Beck couldn’t help notice the influences that Jimmy Page took from “Truth”, when he first heard Led Zeppelin (I) and was a bit peeved for a period of time as a result. Despite that, “Truth” is notable for one episode that predated the main studio work that comprised the album.
This is the one off session that produced the track, “Beck’s Bolero”. In the studio for an improvised instrumental, were Jimmy Page, future Zep bassist and multi-instrumentalist John Paul Jones, Nicky Hopkins and legendary Who drummer Keith Moon.
If you listen closely, you can hear the part of the number when Moon is so possessed with the manic intensity of the proceedings, he roars and then hits the crash cymbal with such mayhem that he sends it and the stand, literally crashing to the floor. It’s the sort of complete abandon that Jeff embraces in his own playing.
“I play the way I do because it allows me to come up with the sickest sounds possible. That’s the point now, isn’t it? I don’t care about the rules. In fact, if I don’t break the rules at least 10 times in every song, then I’m not doing my job properly.”
– Jeff Beck

The first edition of the Jeff Beck Group (referred to by fans as “Mk.1”), recorded one more ingenious LP, “Beck-Ola” and then, in a harbinger of Beck’s entire career, disbanded the group, with Stewart going solo, then shortly joining forces with Ron Wood in The Faces, a later iteration of the 60s mod band, the Small Faces.
Interestingly enough, Mick Jagger called Beck about a possible opening of a guitar slot for him in the Stones, but Beck said thanks but no thanks. It doesn’t take much to read into this, that Beck, with his propensity to follow his muse wherever it might lead, considered a job as a Stones sideman as something that would be a bit of a musical straitjacket, combined with his awareness of the craziness of the Stones’ touring menagerie which was not a great fit for Beck’s temperament.
Stewart, himself, was much more of a commercial success and a marketable commodity, while Jeff was more of a phenomena with musicians and people who were less into the flamboyance and image end of things.
Jeff and Rod would sporadically work together for short stretches throughout their careers, including their cover of Curtis Mayfield and the Impressions, “People Get Ready”, in 1985. It’s a powerfully emotional track and beside demonstrating the full scope of Beck’s powers, highlights Stewart’s voice as an instrument in its own right.

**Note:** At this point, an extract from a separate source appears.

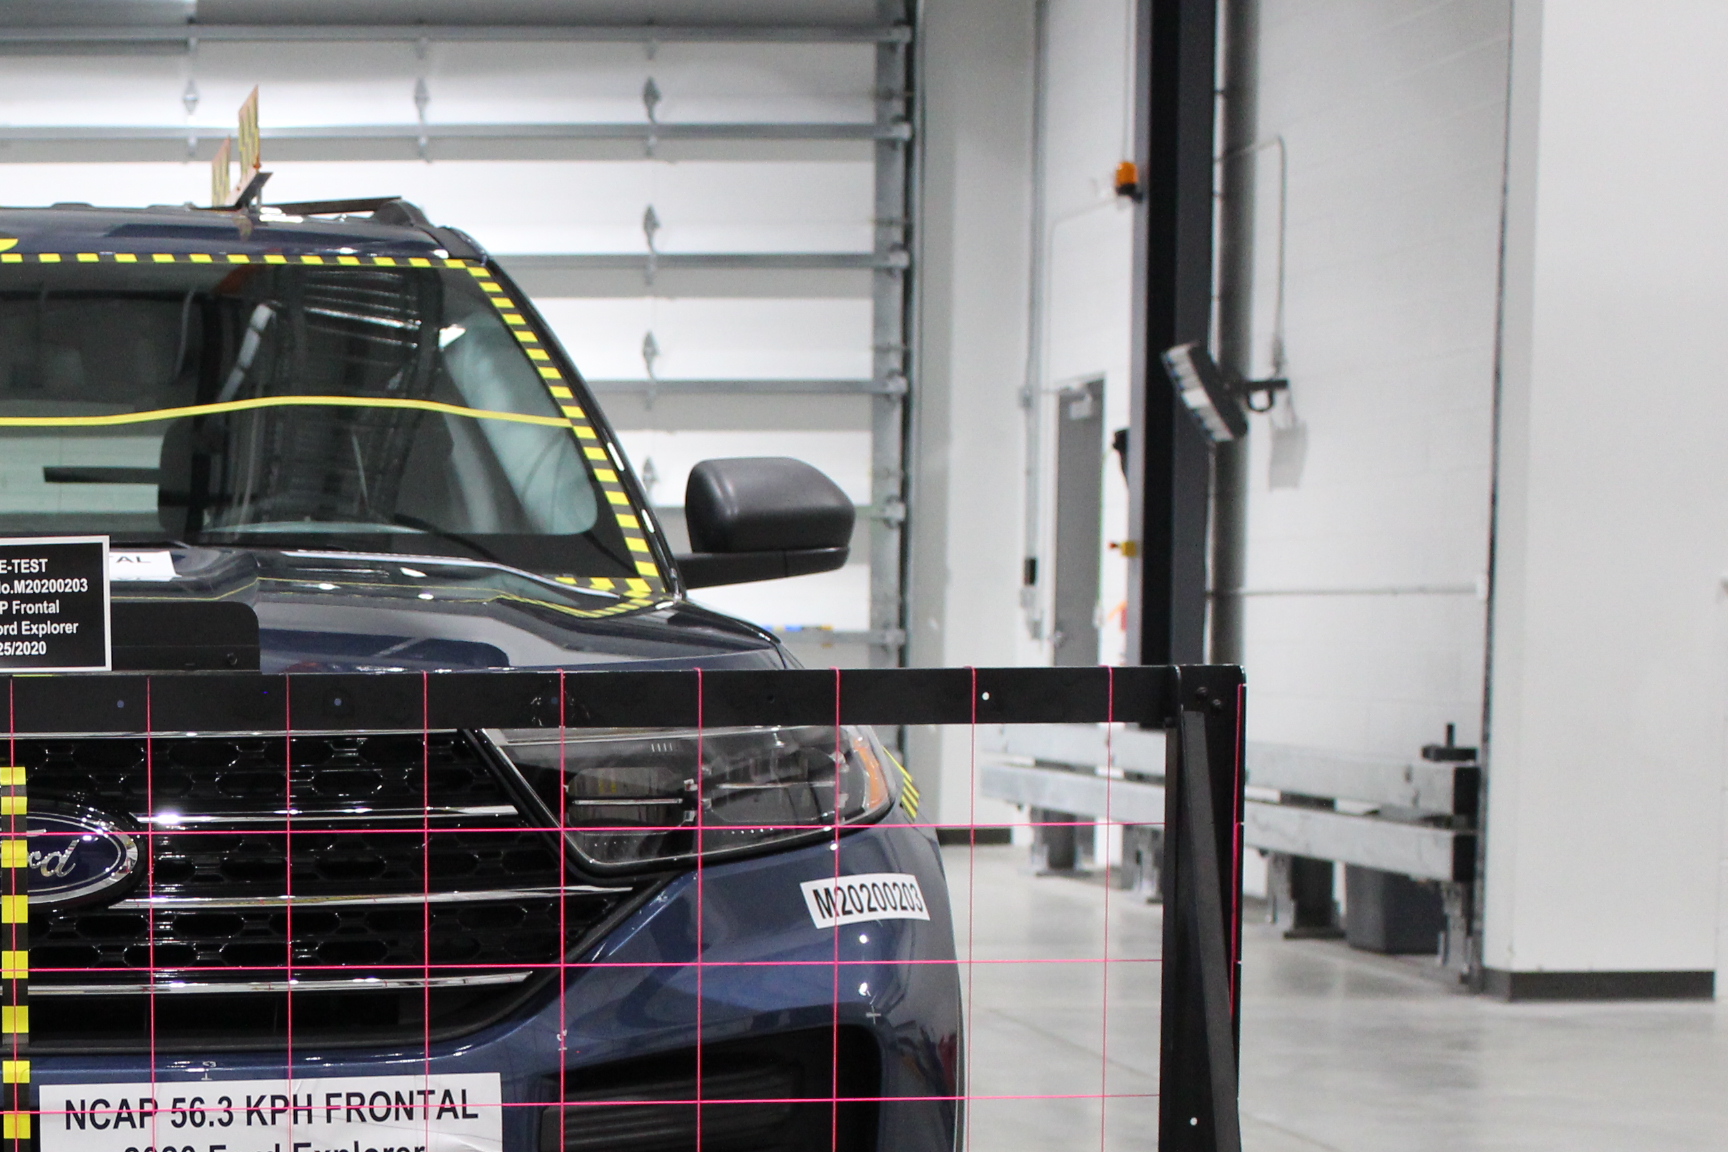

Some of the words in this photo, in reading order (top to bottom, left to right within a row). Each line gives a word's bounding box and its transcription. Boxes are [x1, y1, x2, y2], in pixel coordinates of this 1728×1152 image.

They did have a magic together that Beck was rarely able to duplicate with other lead singers. Beck would become enthusiastic about new projects, exhaust all the potential and possibilities and then move on before they got stale. That made him somewhat unique and at the same time, made it difficult for him to sustain a wider fanbase.
“Jeff Beck was the Salvador Dali of guitar, to see him play was to hear the ultimate 6 string alchemist create magic in a world of its own. With his passing, the world is a poorer place. Our heartfelt sympathies go out to Sandra. We share your sorrow.”
-Joe Perry of Aerosmith
Next was a new iteration of the Jeff Beck Group (Mk 2), with an outstanding supporting cast of Max Middleton (keyboards), Bob Tench (vocals & guitar), Clive Chaman (bass) and the big beat of Cozy Powell behind the drum kit.

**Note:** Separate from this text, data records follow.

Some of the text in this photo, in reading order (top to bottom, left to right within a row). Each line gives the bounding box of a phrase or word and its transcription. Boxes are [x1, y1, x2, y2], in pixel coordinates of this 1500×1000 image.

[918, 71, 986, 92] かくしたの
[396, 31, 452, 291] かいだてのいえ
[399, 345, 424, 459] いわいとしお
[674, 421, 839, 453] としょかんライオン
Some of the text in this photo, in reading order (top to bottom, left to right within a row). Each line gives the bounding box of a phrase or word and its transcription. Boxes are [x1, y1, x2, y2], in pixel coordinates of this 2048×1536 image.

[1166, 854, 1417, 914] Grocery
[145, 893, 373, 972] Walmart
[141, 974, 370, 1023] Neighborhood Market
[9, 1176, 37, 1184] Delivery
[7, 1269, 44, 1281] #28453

Two more great LPs – one of which featured another of Jeff’s own guitar influences – Steve Cropper of Booker T & The Mgs and Stax Records Memphis session fame in the producer’s chair. Solid reactions from Beck’s fanbase, some great takes on Stevie Wonder’s music and critically acclaimed, but no commercial breakout with either recording.
“He was a great soul who did great music,” Wonder told the Detroit Free Press. “I’m glad that I was able to meet him and have him in my life, giving some of his gift to my music.”
– Stevie Wonder
An interesting interlude during this time, was Beck and Stevie Wonder’s mutual admiration society. Beck sat in on some of Wonder’s sessions at Stevie’s invitation. One day, Beck was hanging out, waiting to work with Stevie on some demos and Jeff was noodling around on the drum set with an improvised rhythm. Wonder heard it as he came in the room and asked Jeff about it. Jeff was self effacing and dismissed the beats Wonder was intrigued with, but Wonder asked him to continue and moved over to the electric piano and began composing the intro to “Superstition”.
Stevie wanted Jeff to have the song to record, but Motown president Berry Gordy Jr., upon hearing the demo, put the kibosh on it, insisting Stevie record it himself and the rest is history, although Jeff did record it a year or two later.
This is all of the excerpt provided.